Pentagon Taps Ford and GM for Weapons Production as Iran War Drains U.S. Stockpiles

Published 1 month ago2 minute read
Pentagon Taps Ford and GM for Weapons Production as Iran War Drains U.S. Stockpiles

Senior U.S. defense officials have held preliminary discussions with the chief executives of General Motors and Ford Motor about potentially converting civilian manufacturing capacity to weapons production.

According to the Wall Street Journal, the Pentagon is exploring whether commercial manufacturers can shore up a defense industrial base strained by simultaneous conflicts in Iran and Ukraine.

The talks, which reportedly began before the full escalation of the Iran conflict, gained urgency as U.S. military stockpiles faced significant depletion, including an estimated 150 THAAD interceptors fired in just 12 days during the June 2025 Iran conflict, roughly a quarter of the entire inventory ever purchased.

Defense officials also confirmed talks with GE Aerospace and Oshkosh, though the scope of potential production, from vehicle components to advanced munitions, remains under review.

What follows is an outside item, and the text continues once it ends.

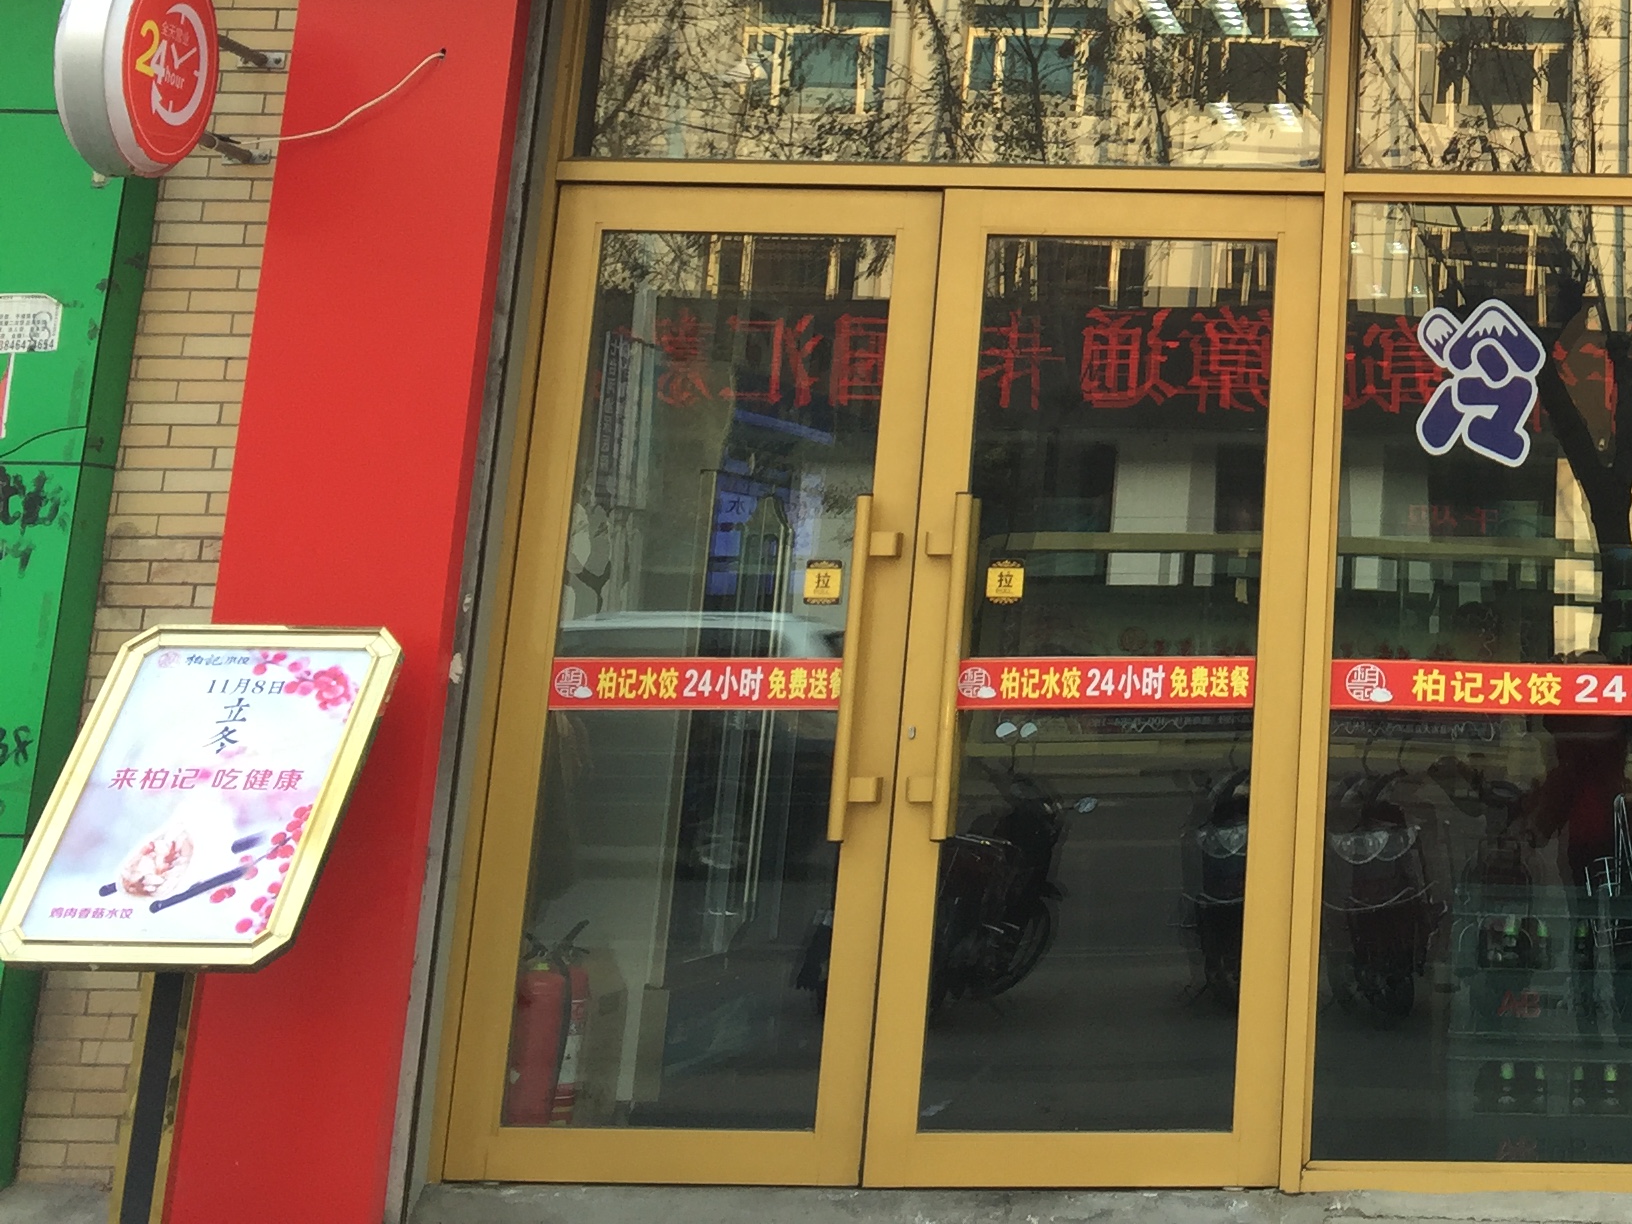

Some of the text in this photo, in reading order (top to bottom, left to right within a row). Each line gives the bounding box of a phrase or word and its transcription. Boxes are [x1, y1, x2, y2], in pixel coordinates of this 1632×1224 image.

[135, 19, 168, 86] 24
[207, 677, 286, 695] 11月8日
[202, 697, 251, 755] 立冬

Any conversion wouldn't be immediate. Retooling auto plants for military hardware is expensive and time-consuming, and modern weapons systems involve classified materials and specialized processes that commercial manufacturers are not typically equipped for.

GM responded to inquiries with a non-committal statement affirming its historic support for U.S. national security. A full pivot comparable to World War II's "Arsenal of Democracy", when Ford built one B-24 bomber per hour, remains a distant scenario, but the conversations signal growing concern in Washington.